Write out every entry exactly; the pictures do not belong in the copy.
++++ Data provided ++++
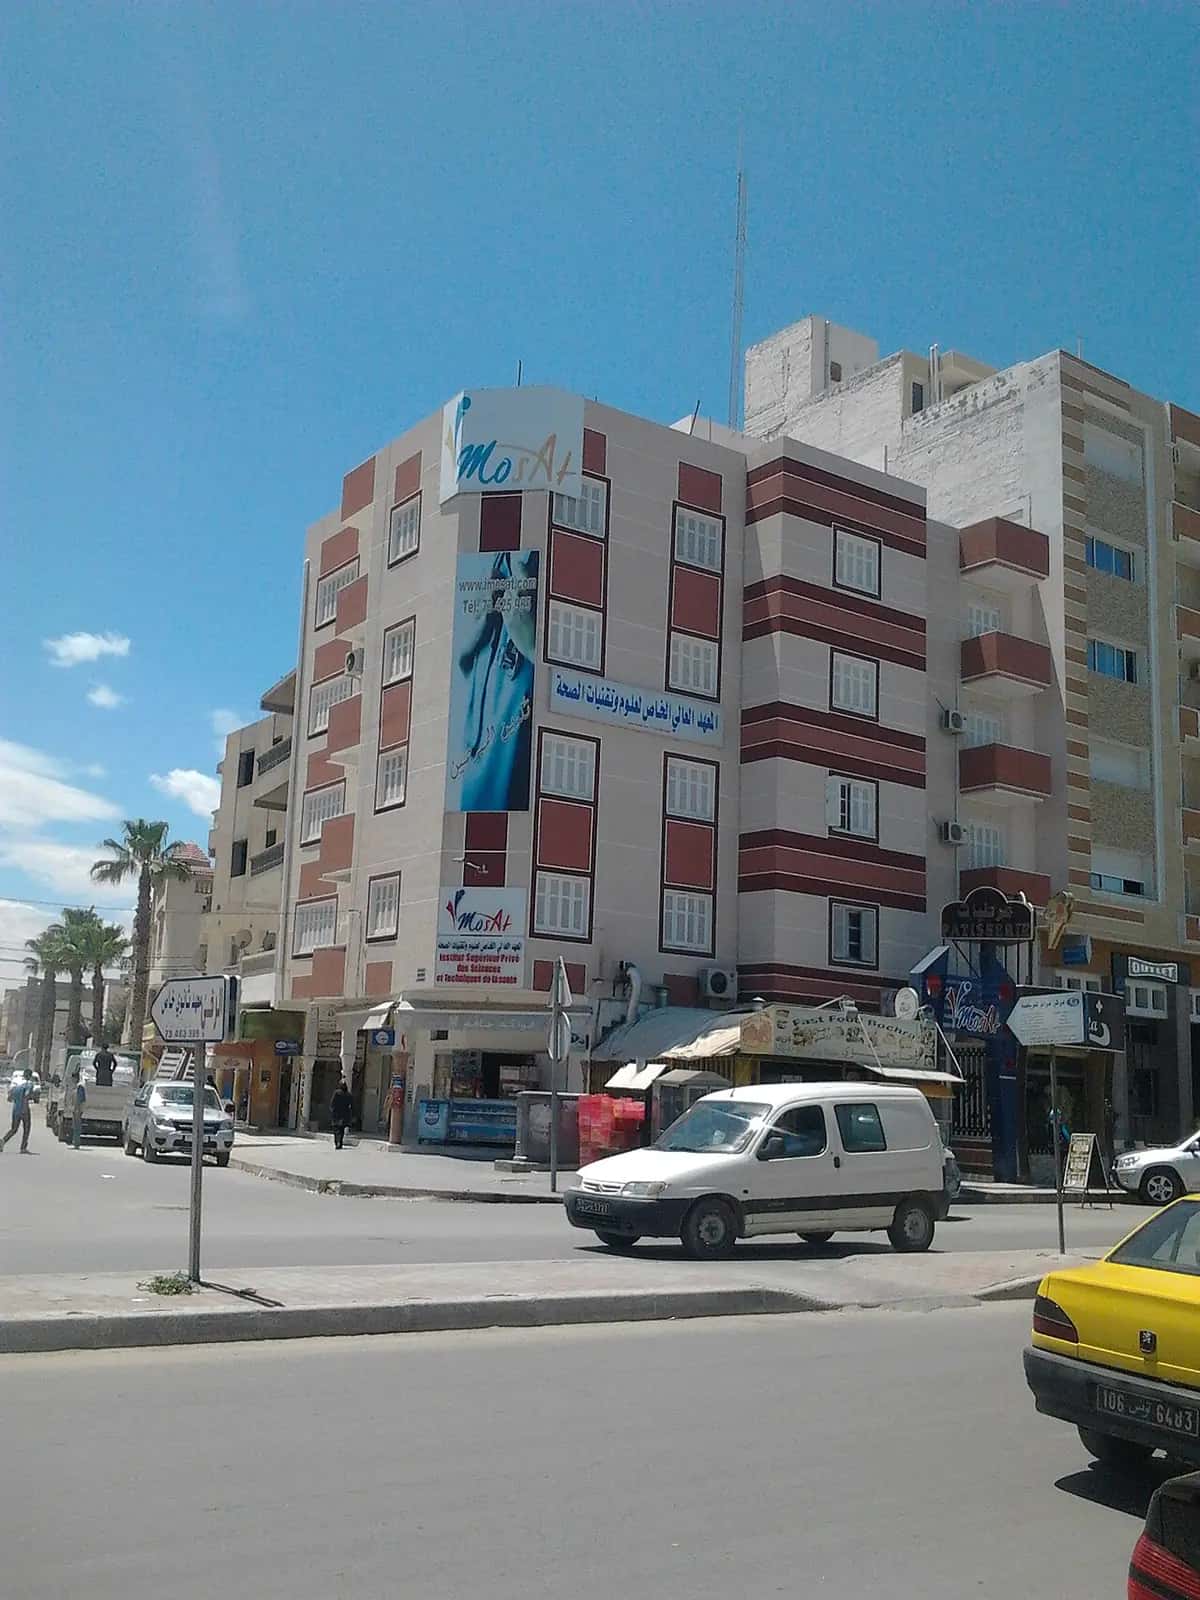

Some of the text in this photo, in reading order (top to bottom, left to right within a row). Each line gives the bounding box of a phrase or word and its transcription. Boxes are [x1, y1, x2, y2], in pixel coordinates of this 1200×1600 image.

[458, 577, 537, 592] www.imosat.com
[943, 922, 1031, 937] PATISSERIE
[1131, 961, 1174, 978] OUTLET
[792, 1016, 825, 1027] Fast
[1103, 1389, 1125, 1412] 106
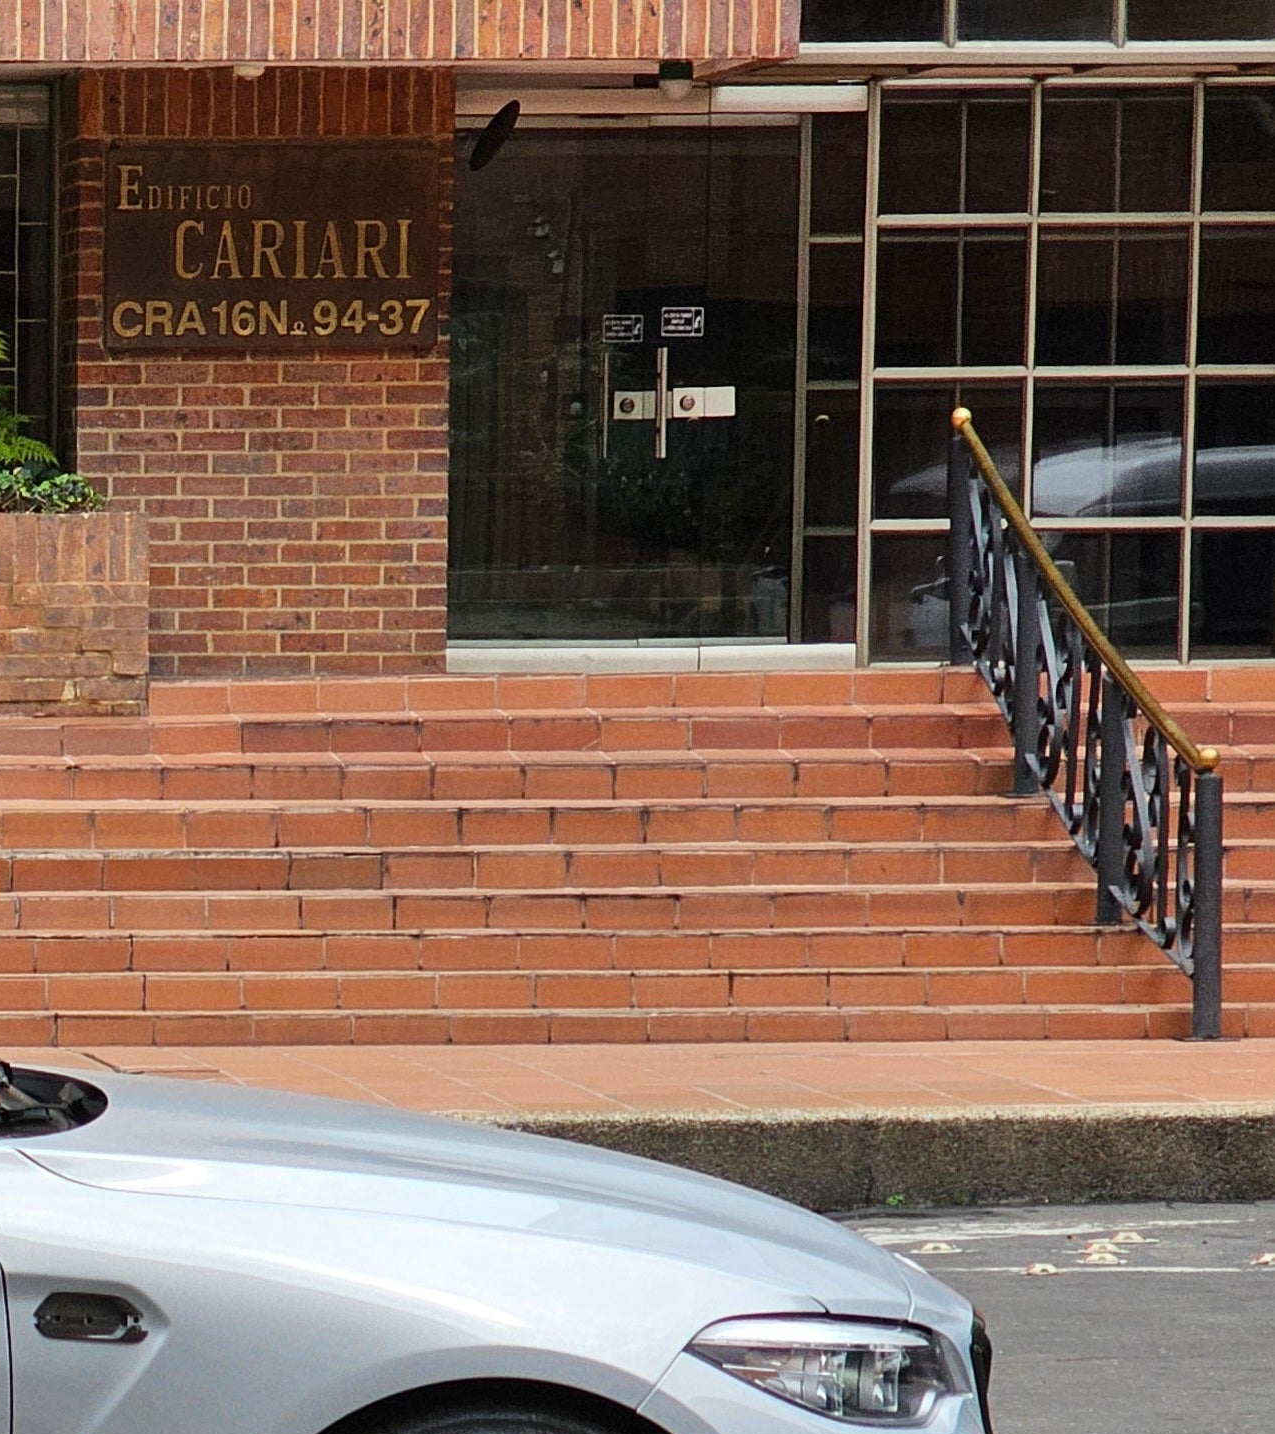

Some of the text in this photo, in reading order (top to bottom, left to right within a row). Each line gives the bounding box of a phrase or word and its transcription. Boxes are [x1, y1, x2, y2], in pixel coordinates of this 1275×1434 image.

[174, 218, 413, 280] CARIARI
[111, 300, 208, 337] CRA
[312, 299, 432, 337] 94-37
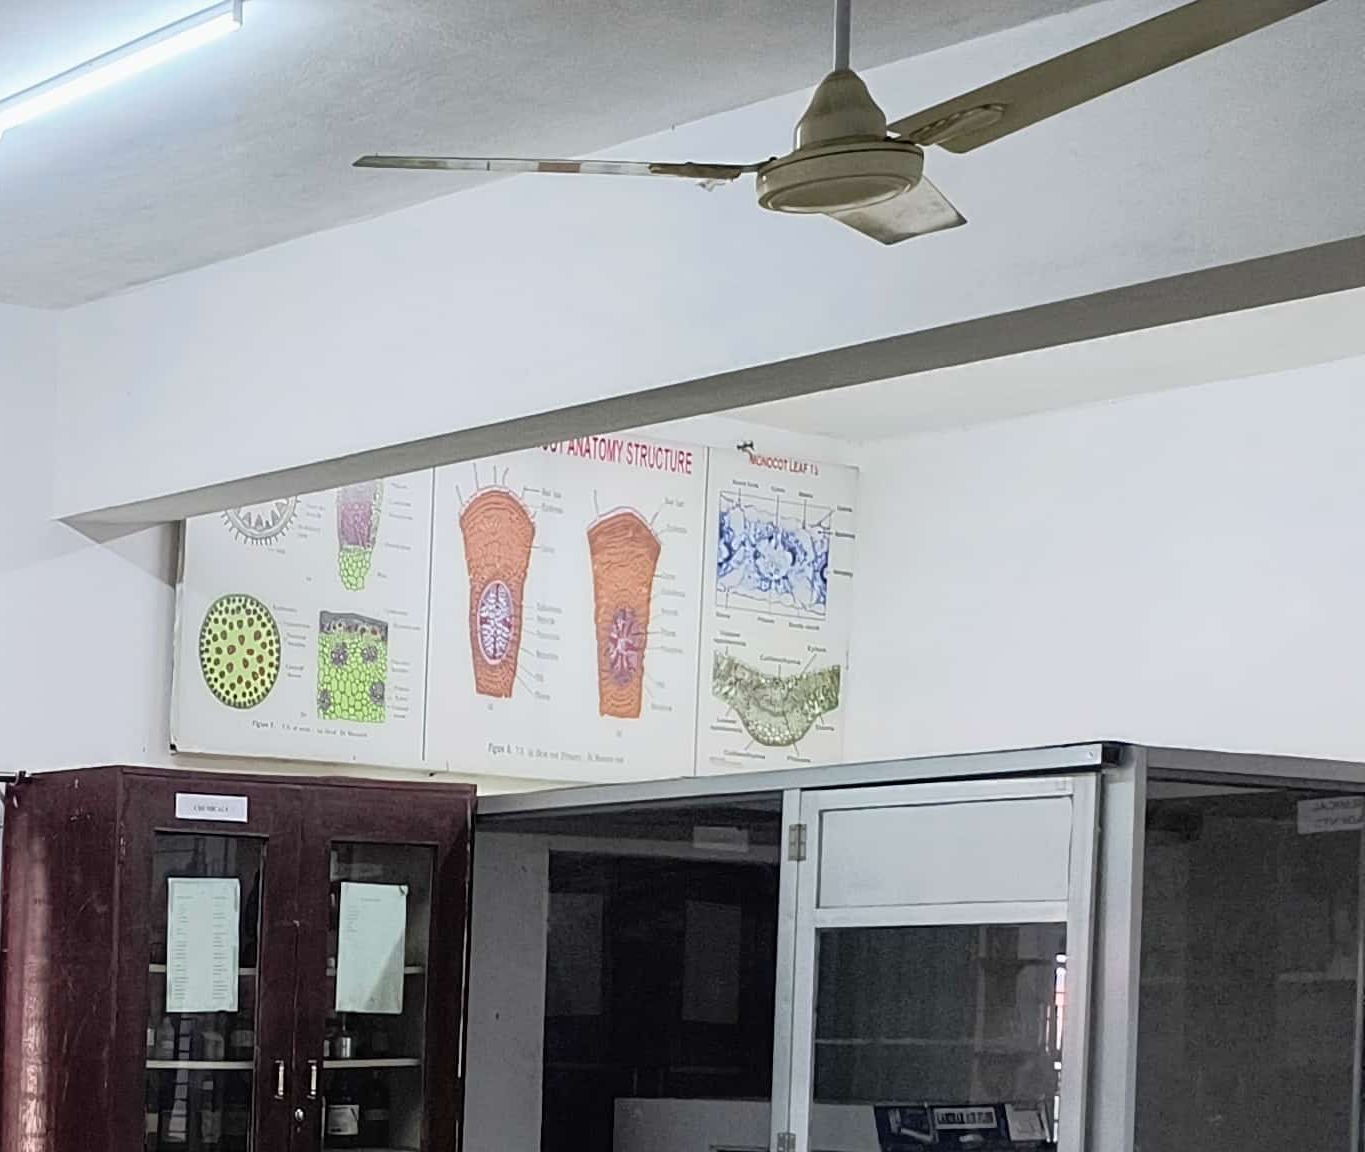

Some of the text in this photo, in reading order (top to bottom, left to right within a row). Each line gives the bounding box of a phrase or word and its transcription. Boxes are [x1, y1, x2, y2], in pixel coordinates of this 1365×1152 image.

[568, 437, 624, 464] ANATOMY
[626, 442, 693, 475] STRUCTURE
[789, 460, 808, 473] LEAF
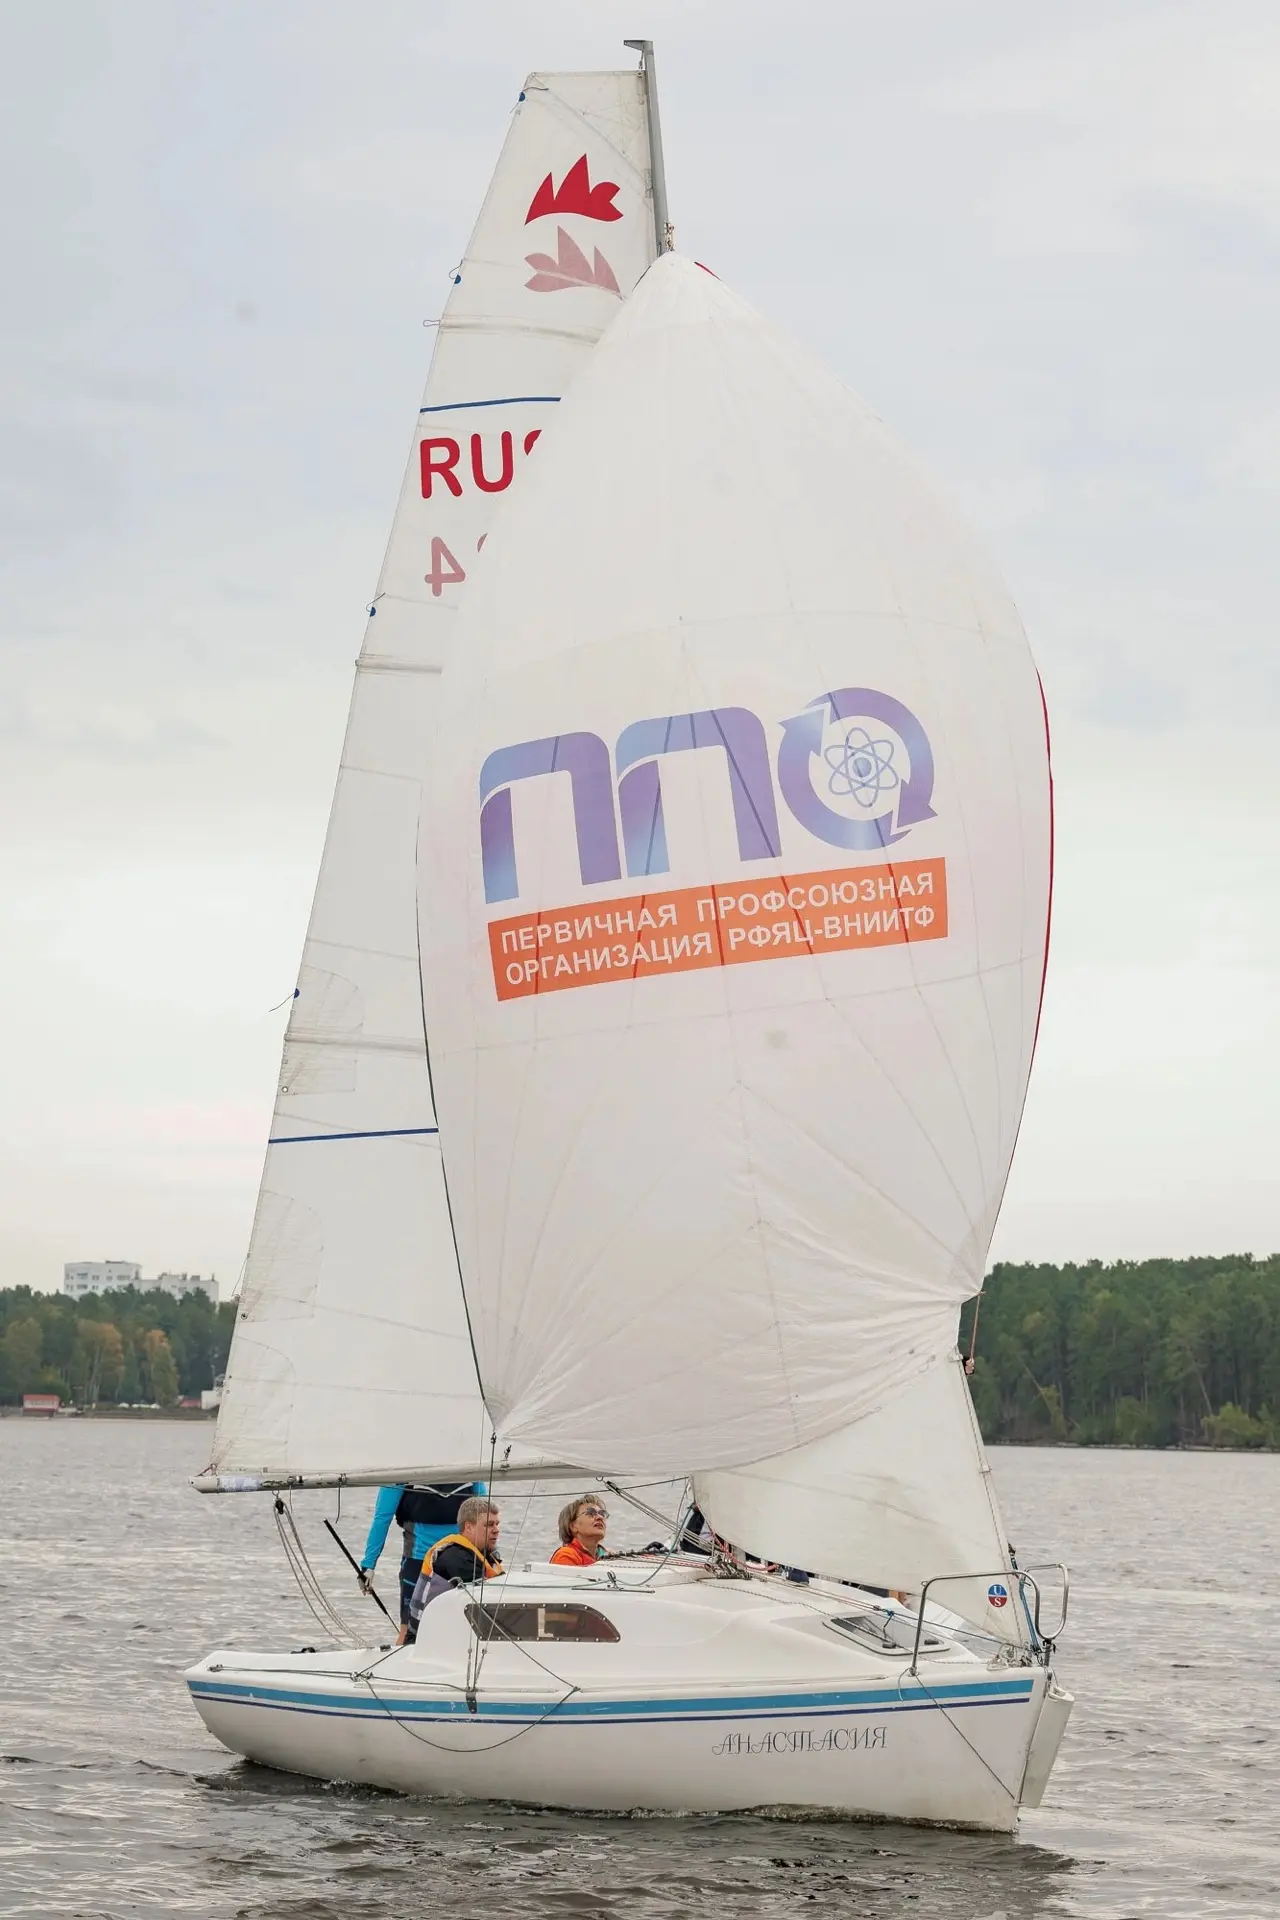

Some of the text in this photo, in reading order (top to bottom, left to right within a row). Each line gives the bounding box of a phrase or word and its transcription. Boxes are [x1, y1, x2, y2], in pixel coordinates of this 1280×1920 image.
++++
Result:
Some of the text in this photo, in reading order (top to bottom, left to right within a row). Each line gives the bounding box of a phrase or word and its transcription. Boxes are [x1, y1, x2, y2], in pixel coordinates of this 1200×1600 image.

[458, 577, 537, 592] www.imosat.com
[943, 922, 1031, 937] PATISSERIE
[1131, 961, 1174, 978] OUTLET
[792, 1016, 825, 1027] Fast
[1103, 1389, 1125, 1412] 106

Some of the text in this photo, in reading order (top to bottom, left to right within a row). Each line gives the bounding box of a phrase or word and its transcription. Boxes are [x1, y1, x2, y2], in pixel coordinates of this 1275×1434 image.

[174, 218, 413, 280] CARIARI
[111, 300, 208, 337] CRA
[312, 299, 432, 337] 94-37

Some of the text in this photo, in reading order (top to bottom, left to right within a row). Each line gives the bounding box of a phrase or word and its transcription. Boxes are [x1, y1, x2, y2], in pixel coordinates of this 1365×1152 image.

[568, 437, 624, 464] ANATOMY
[626, 442, 693, 475] STRUCTURE
[789, 460, 808, 473] LEAF

Some of the text in this photo, in reading order (top to bottom, left to right within a row). Each line gives the bounding box of a phrase or word and its transcription. Boxes are [x1, y1, x2, y2], in pixel coordinates of this 1280×1920 image.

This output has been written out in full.